[Saved data entries]
_ _ _

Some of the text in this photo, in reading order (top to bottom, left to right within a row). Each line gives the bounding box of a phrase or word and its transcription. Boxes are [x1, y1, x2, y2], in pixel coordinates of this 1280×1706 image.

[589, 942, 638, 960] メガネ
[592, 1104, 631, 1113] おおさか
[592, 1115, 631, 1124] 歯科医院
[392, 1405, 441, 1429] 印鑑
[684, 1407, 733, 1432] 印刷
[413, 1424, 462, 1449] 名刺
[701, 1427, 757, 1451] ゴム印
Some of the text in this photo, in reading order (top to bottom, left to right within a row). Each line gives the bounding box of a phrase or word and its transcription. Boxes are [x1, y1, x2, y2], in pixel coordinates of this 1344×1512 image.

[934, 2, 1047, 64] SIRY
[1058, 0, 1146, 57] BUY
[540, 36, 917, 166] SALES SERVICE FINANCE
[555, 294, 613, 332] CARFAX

_ _ _

- [TASK ITEM] Would you write out all of the data again, unchanged?

- [EXPECTED ANSWER]
Some of the text in this photo, in reading order (top to bottom, left to right within a row). Each line gives the bounding box of a phrase or word and its transcription. Boxes are [x1, y1, x2, y2], in pixel coordinates of this 1280×1706 image.

[589, 942, 638, 960] メガネ
[592, 1104, 631, 1113] おおさか
[592, 1115, 631, 1124] 歯科医院
[392, 1405, 441, 1429] 印鑑
[684, 1407, 733, 1432] 印刷
[413, 1424, 462, 1449] 名刺
[701, 1427, 757, 1451] ゴム印
Some of the text in this photo, in reading order (top to bottom, left to right within a row). Each line gives the bounding box of a phrase or word and its transcription. Boxes are [x1, y1, x2, y2], in pixel coordinates of this 1344×1512 image.

[934, 2, 1047, 64] SIRY
[1058, 0, 1146, 57] BUY
[540, 36, 917, 166] SALES SERVICE FINANCE
[555, 294, 613, 332] CARFAX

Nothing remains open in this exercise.